Where a potential infringer has actual notice of another’s patent rights, he has an affirmative duty “to exercise due care to determine whether or not he is infringing.” Underwater Devices, 717 F.2d at 1389-90. This affirmative duty includes the duty to seek and obtain competent legal advice from counsel before the initiation or continuation of the possibly infringing activity. Id. at 1390.

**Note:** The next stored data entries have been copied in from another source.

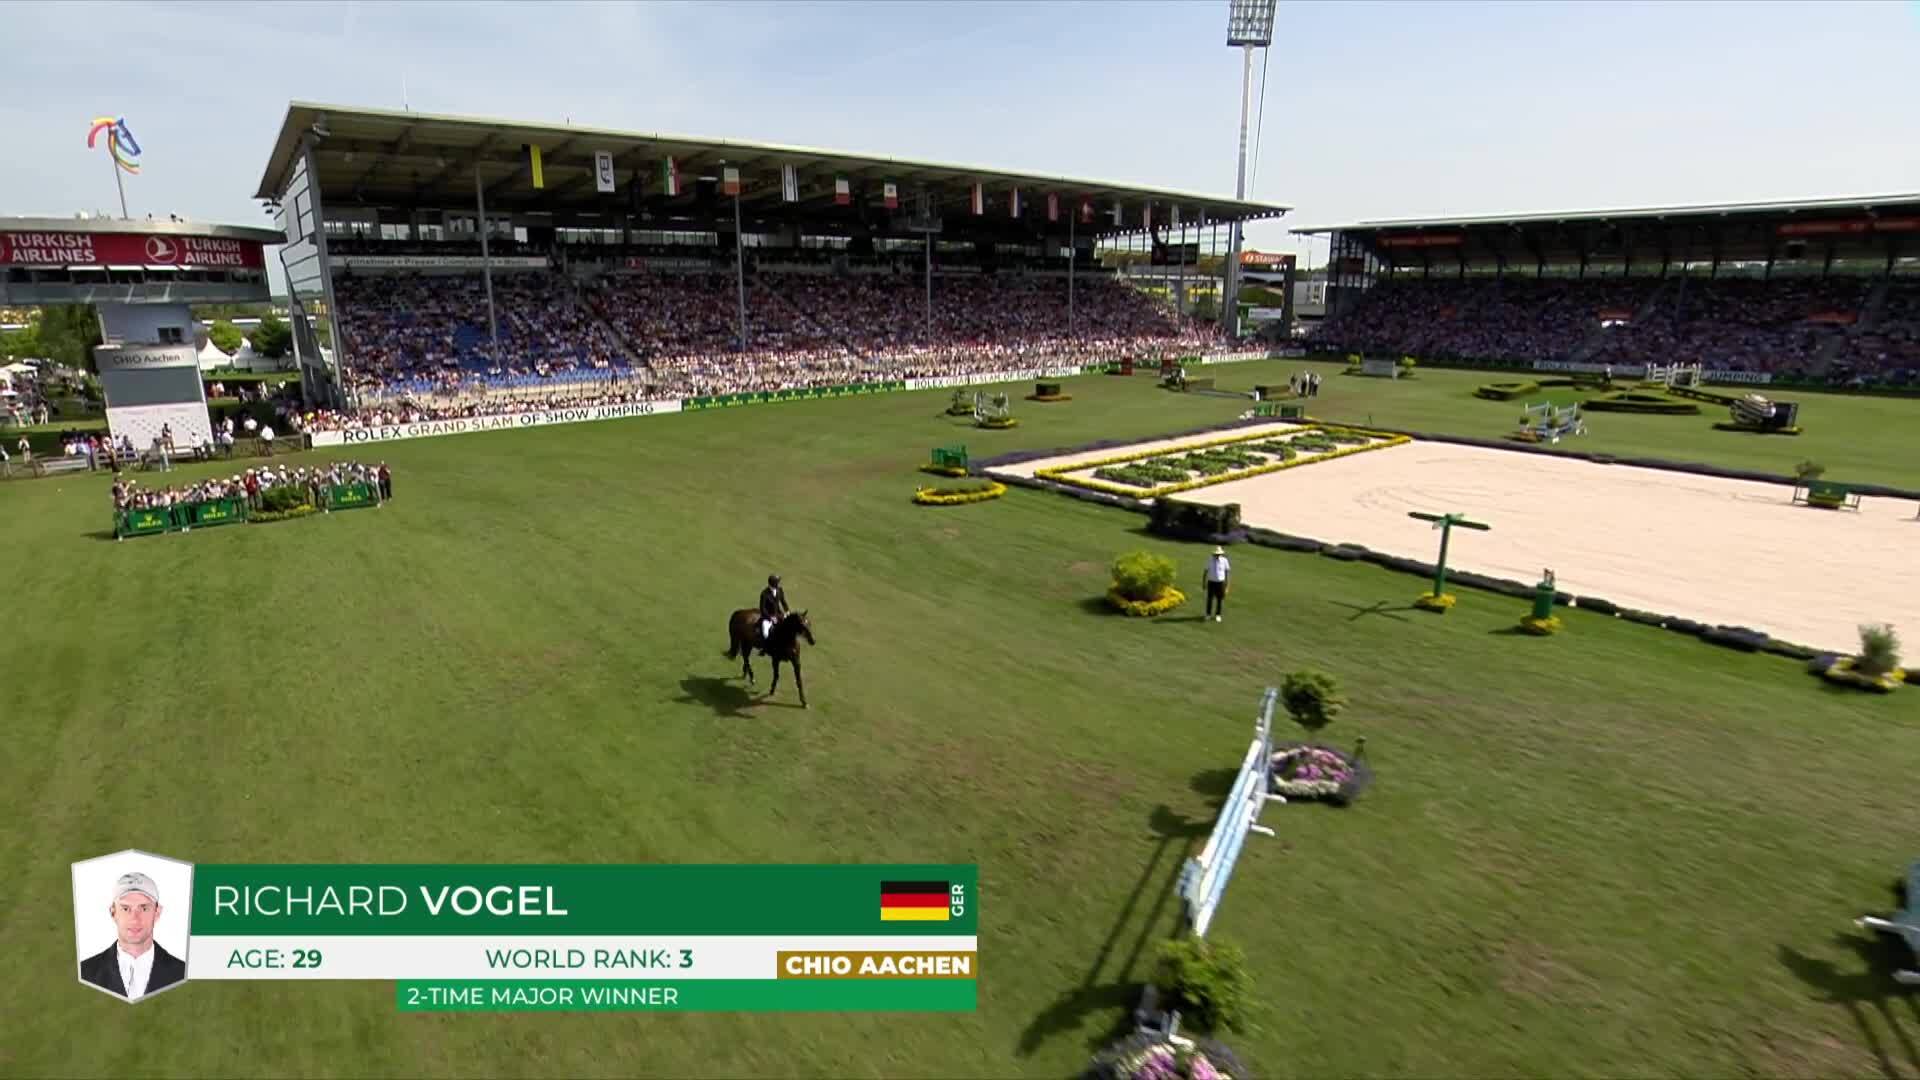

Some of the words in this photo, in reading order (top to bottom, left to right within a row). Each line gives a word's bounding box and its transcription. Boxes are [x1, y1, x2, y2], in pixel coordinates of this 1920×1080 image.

[8, 234, 91, 247] TURKISH
[183, 238, 240, 252] TURKISH
[12, 248, 96, 262] AIRLINES
[184, 251, 242, 265] AIRLINES
[112, 355, 142, 365] CHIO
[144, 353, 180, 363] Aachen
[343, 426, 402, 444] ROLEX
[408, 420, 466, 438] GRAND
[472, 416, 513, 431] SLAM
[520, 414, 542, 425] OF
[547, 409, 589, 422] SHOW
[595, 403, 654, 418] JUMPING

III. THE SCOPE OF THE WAIVER

When a party asserts an advice of counsel defense, it waives the attorney-client privilege with respect to “all communications to and from counsel concerning the transaction for which counsel’s advice was sought.” Kelsey-Hayes Company v. Motor Wheel Corporation, 155 F.R.D. 170, 171-72 (W.D.Mich. 1991), citing Handgards, Inc. v. Johnson & Johnson, 413 F.Supp. 926, 929 (N.D.Cal. 1976) (“The deliberate injection of the advice of counsel defense into a case waives the attorney-client privilege as to communications and documents relating to the advice.”).

The basic principle which supports the waiver of the attorney-client privilege here is fairness. Courts have recognized that it would be fundamentally unfair to allow a party to disclose opinions which support its position, and simultaneously conceal those which are adverse. Mushroom Associates v. Monterey Mushrooms, Inc., 24 U.S.P.Q.2d 1767, 1770 (N.D.Cal.1992); Kelsey-Hayes, 155 F.R.D. at 172; Smith v. Alyeska Pipeline Service Co., 538 F.Supp. 977, 979 (D.Del. 1982); Fonar Corporation v. Johnson & Johnson, et al., 227 U.S.P.Q. 886, 887, 1985 WL 186693 (D.Mass.1985); Handgards, Inc., 413 F.Supp. at 929.

The disputed issue here is how to define the scope of the waiver of the attorney client privilege. GE contends that by producing opinions of counsel which discussed the validity of the patents in suit, Norton waived the attorney-client privilege with respect to the issues of validity, infringement and enforceability. Norton argues, however, that validity is distinct from infringement and enforceability, and that its waiver of privilege extends to validity only.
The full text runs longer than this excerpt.